Word for word, copy the data that follows and skip its pictures.

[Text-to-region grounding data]
------------------------

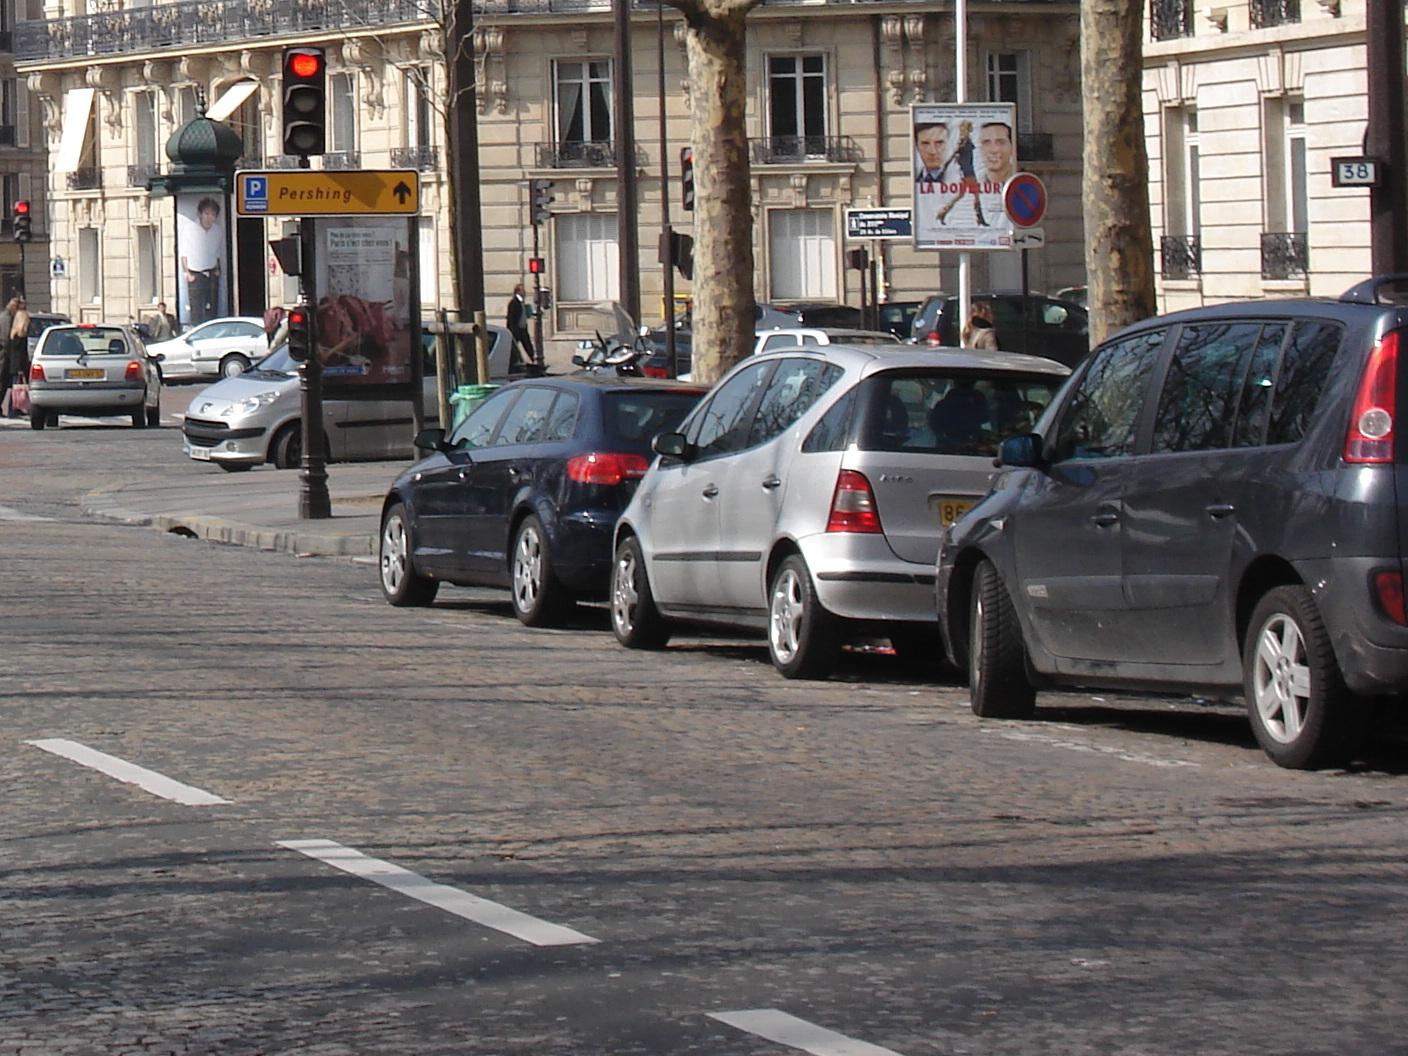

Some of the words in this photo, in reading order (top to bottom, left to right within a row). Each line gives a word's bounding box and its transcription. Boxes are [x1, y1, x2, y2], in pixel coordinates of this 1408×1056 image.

[1344, 163, 1369, 179] 38
[250, 180, 261, 196] P
[279, 187, 352, 204] Pershing
[919, 182, 935, 194] LA

------------------------

**Exercise answer**
Some of the words in this photo, in reading order (top to bottom, left to right within a row). Each line gives a word's bounding box and its transcription. Boxes are [x1, y1, x2, y2], in pixel coordinates of this 1408×1056 image.

[1344, 163, 1369, 179] 38
[250, 180, 261, 196] P
[279, 187, 352, 204] Pershing
[919, 182, 935, 194] LA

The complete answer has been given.